The third story concerns Detective Malcolm Toliver, said to be the best criminal investigator in the United States, and Inspector McDowal, the greatest in England. The two egotistical sleuths are competing for the title of the world's leading criminologist. While having dinner together, Toliver receives a unsigned note telling him that someone he knows will die in three days, and that he is the only person who can prevent it. McDowal asks to follow Toliver along on this new case so that he may observe his methods, and Toliver agrees. Eventually, Toliver invites McDowal to his home to reveal his conclusion—that he, himself, is the intended victim, and that McDowal is the killer. McDowal shoots him, but Toliver, wearing a bulletproof vest, remarks that he solved the case two days prior, and activates a blade that impales McDowal. Toliver then opens McDowal's briefcase, which contains a timed explosive. The mortician possesses McDowal's body, and discloses that Toliver's body was too fragmented to be buried.

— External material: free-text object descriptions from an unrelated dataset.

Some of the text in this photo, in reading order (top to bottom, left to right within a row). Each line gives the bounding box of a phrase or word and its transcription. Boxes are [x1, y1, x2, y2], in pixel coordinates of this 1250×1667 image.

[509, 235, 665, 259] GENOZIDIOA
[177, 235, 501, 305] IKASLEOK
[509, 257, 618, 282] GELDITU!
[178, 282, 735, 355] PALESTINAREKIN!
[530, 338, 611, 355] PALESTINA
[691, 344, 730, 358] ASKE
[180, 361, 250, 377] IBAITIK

The fourth story follows an insensitive office worker named Cantwell. After dismissing the plight of a homeless man, Cantwell enters an empty store, and is unable to open the doors that lead back outside. He explores the place and is almost crushed in an elevator shaft. He becomes trapped in the building, and is subjected to mental and physical anguish, with only alcohol to drink. Eventually, an exit appears, and Cantwell wanders back into the outside world. Dirty and bloodied, Cantwell approaches a businessman who disregards him before entering the building himself. The mortician explains that Cantwell ultimately died in a gutter from a rotten liver.

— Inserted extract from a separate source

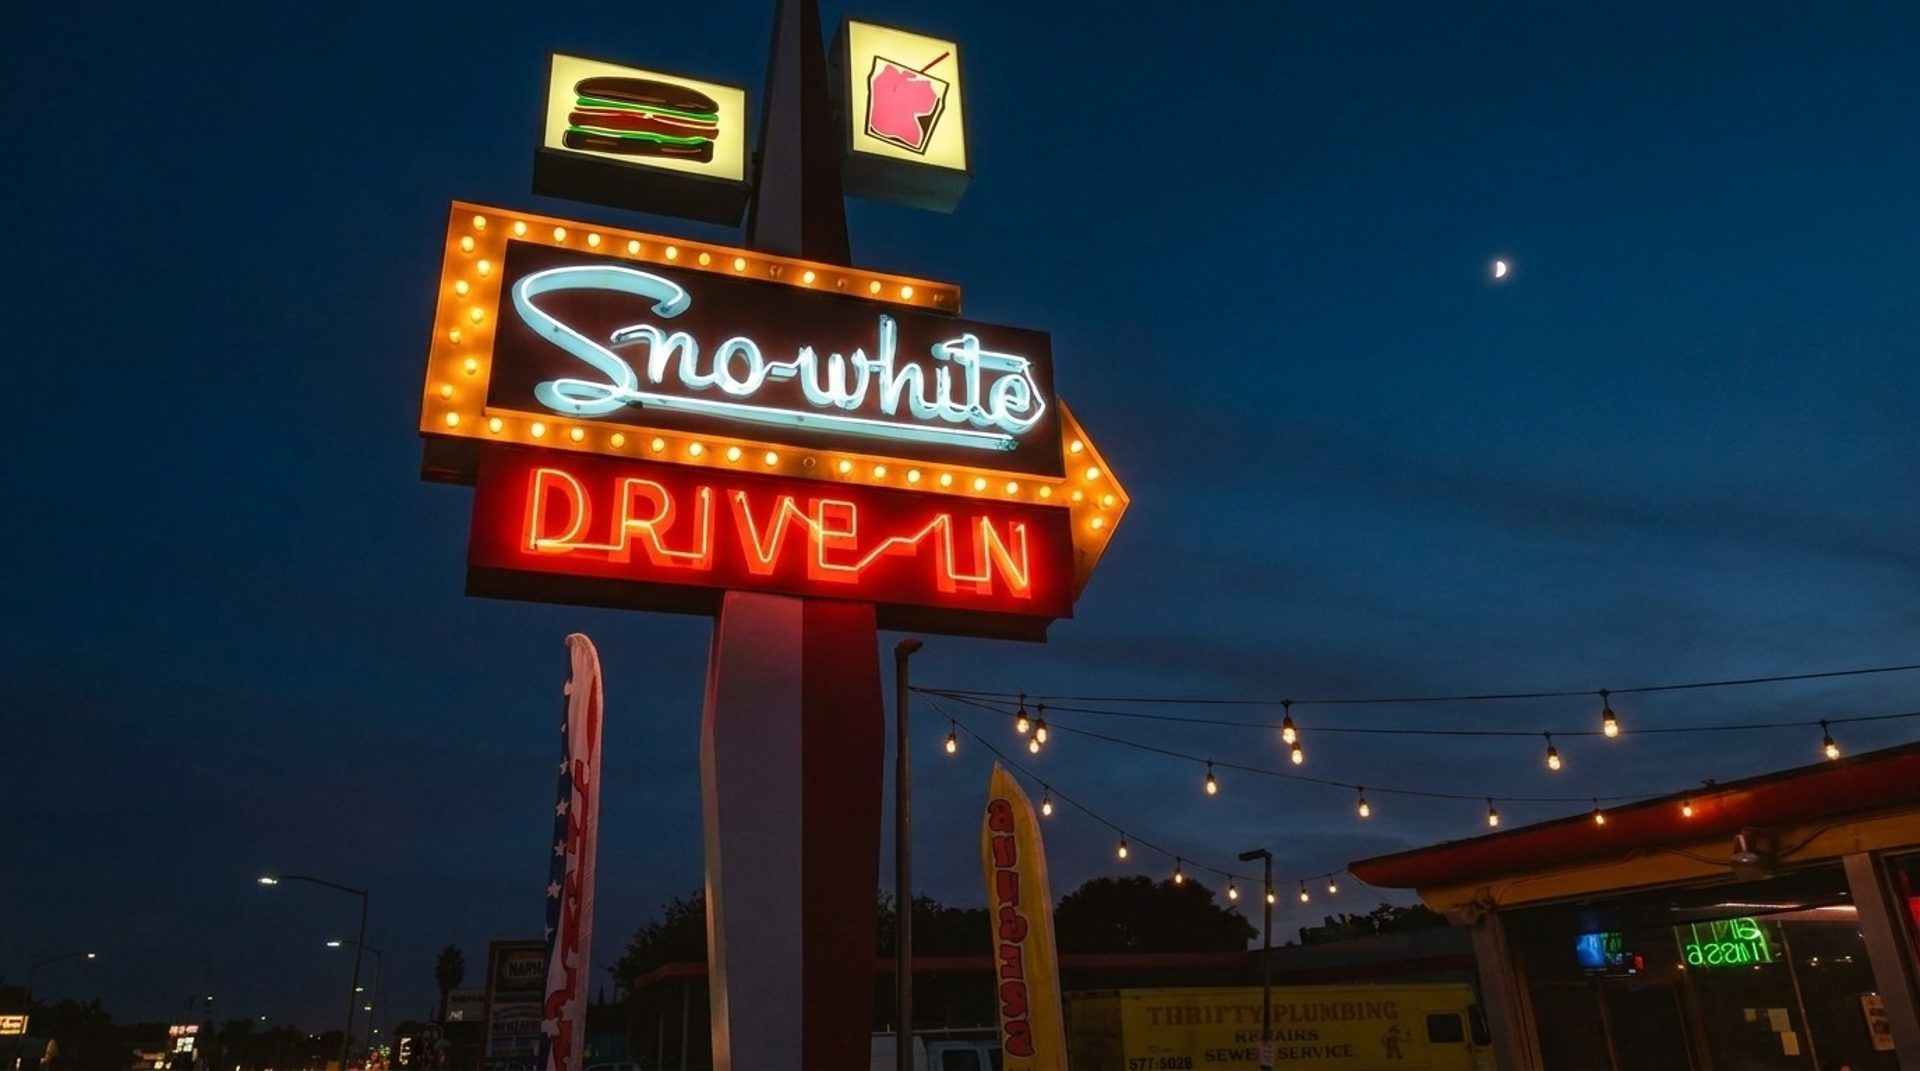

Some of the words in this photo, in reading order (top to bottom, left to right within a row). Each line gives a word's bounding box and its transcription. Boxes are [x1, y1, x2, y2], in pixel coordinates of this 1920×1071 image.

Talmudge notices a fifth casket, which is empty. The mortician says that it belongs to someone who practiced infidelity. He then reveals that he knows Talmudge's name, and refers to him as a client of his. Frightened, Talmudge runs away, and is cornered in an alley and shot by the husband of a woman whom Talmudge was intimate with. Talmudge is loaded into an ambulance, and the mortician is shown sitting in the passenger's seat.

==Production==
The House of the Dead was filmed under the working title Five Faces of Terror, with the help of non-unionized broadcasting students from Oklahoma State University. It was shot entirely on location in Oklahoma, in the cities of Ponca City, Yale, and Stillwater. It was financed by businessmen Leroy and Marvin Boehs, and had a budget of $685,000. The film's special effects were handled by Harry Woolman.

==Critical reception==
The movie has received mixed reviews. David Parkinson of the Radio Times called the movie "Making her only feature and clearly working on a shoestring, director Sharron Miller generates few scares with this portmanteau horror."

Jim Hemphill of Filmmaker called the film "obscure but quite interesting", and wrote that it has "an impressive consistency of tone thanks to Miller's superb direction of her actors and her deft manipulation of the audience through sophisticated blocking and camera movement." He recommended it as "a great title to check out for Halloween if you want something a little off the established path." Brian Orndorf of Blu-ray.com referred to the film as "a strange assortment of half-realized chapters", writing that it "doesn't value character detail, only giving viewers the basics in temperament before moving on to the next piece of business." However, he noted that "it's not a total loss, especially for cult movie fans [...] who don't mind some sizable leaps in logic and limited connective tissue."

==Home media==
In July 2018, the film was restored in 2K and released on DVD and Blu-ray by Vinegar Syndrome.